- MN 55 highlighted in red

Route information
- Maintained by MnDOT
- Length: 220.572 mi (354.976 km)
- Existed: 1933–present
- Tourist routes: Great River Road

Major junctions
- West end: ND 11 at the Bois de Sioux River near Fairmount, ND
- US 75 near Tenney; US 59 / MN 79 in Elbow Lake; US 71 in Belgrade; MN 4 / MN 23 in Paynesville; I-494 in Plymouth; US 169 in Golden Valley; MN 100 in Golden Valley; I-94 / US 52 in Minneapolis; MN 5 / MN 62 in Fort Snelling; US 52 in Rosemount;
- East end: US 61 in Hastings

Location
- Country: United States
- State: Minnesota
- Counties: Wilkin, Grant, Douglas, Pope, Stearns, Kandiyohi, Meeker, Wright, Hennepin, Dakota

Highway system
- Minnesota Trunk Highway System; Interstate; US; State; Legislative; Scenic;
| ← MN 54 |  | → MN 56 |

= Minnesota State Highway 55 =

State highway in Minnesota, United States

Minnesota State Highway 55 (MN 55) is a state highway that runs 221 mi across the central part of state taking a diagonal route from its western most at the North Dakota state line near Tenney to its easternmost point at the intersection with U.S. Highway 61 (US 61) in Hastings. In Minneapolis and Golden Valley, portions of the route are also signed as Olson Memorial Highway.

==Route description==
MN 55 serves as a northwest–southeast route between Elbow Lake, Glenwood, Paynesville, Annandale, Buffalo, Plymouth, Minneapolis, Mendota Heights, and Hastings.

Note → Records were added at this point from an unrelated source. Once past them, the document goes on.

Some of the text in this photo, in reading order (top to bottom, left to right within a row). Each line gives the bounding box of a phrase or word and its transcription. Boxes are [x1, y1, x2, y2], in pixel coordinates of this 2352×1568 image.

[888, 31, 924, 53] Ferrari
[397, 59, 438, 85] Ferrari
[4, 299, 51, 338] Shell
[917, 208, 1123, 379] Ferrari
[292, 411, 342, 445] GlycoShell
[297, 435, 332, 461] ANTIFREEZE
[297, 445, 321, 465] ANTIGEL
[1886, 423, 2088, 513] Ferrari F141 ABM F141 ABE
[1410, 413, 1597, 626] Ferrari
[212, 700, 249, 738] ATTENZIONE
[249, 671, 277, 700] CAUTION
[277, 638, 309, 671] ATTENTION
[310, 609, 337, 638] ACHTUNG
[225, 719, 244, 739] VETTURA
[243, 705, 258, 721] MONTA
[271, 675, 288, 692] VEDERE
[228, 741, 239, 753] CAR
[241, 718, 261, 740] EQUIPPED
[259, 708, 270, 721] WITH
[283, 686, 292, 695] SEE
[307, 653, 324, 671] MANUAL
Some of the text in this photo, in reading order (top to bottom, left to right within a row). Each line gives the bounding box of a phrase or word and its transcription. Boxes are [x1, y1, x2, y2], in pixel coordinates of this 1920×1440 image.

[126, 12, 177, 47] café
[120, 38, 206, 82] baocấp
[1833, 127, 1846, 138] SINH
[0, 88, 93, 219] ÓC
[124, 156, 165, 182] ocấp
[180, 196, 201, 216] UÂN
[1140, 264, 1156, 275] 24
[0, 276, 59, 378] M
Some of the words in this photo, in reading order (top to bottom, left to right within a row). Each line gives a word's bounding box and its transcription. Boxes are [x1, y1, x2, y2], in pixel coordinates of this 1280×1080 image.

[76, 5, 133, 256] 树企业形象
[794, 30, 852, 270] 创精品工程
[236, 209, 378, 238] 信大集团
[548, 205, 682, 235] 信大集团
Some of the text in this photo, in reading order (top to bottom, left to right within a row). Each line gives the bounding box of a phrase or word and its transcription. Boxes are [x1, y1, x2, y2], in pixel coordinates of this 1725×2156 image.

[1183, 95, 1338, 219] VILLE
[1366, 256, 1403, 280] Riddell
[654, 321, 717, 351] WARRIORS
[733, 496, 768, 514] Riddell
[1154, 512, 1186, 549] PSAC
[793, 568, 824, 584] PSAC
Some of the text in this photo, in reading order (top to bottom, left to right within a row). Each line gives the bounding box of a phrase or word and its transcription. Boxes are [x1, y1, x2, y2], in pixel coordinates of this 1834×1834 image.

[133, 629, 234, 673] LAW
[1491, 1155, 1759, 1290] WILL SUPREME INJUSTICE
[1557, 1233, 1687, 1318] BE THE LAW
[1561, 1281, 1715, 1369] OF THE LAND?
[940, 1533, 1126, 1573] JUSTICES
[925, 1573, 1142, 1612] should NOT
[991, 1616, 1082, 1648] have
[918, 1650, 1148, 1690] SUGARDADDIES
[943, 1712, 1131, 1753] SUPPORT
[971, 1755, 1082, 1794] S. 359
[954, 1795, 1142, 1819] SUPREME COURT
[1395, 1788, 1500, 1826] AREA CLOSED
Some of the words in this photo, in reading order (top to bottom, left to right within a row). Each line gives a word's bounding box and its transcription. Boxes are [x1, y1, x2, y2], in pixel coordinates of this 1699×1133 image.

MN 55 begins at the Bois de Sioux River, at the Minnesota—North Dakota state line near Tenney. North Dakota Highway 11 (ND 11) is its counterpoint upon crossing the state line. MN 55 continues east to Tenney, Nashua, and Wendell. The route has a junction with U.S. Highway 59 (US 59) before entering the city of Elbow Lake. US 59/MN 55 runs concurrently for 11 mi until reaching Barrett.

MN 55 then continues independently again to Hoffman, Kensington, Farwell, and Lowry before reaching the city of Glenwood. At Glenwood, MN 55 has an intersection with MN 29 and an interchange with MN 28.

The route continues southeast to Sedan and Brooten before reaching its junction with US 71 in Belgrade. MN 55 passes through Regal before reaching its junction with MN 4 and MN 23 at the city of Paynesville.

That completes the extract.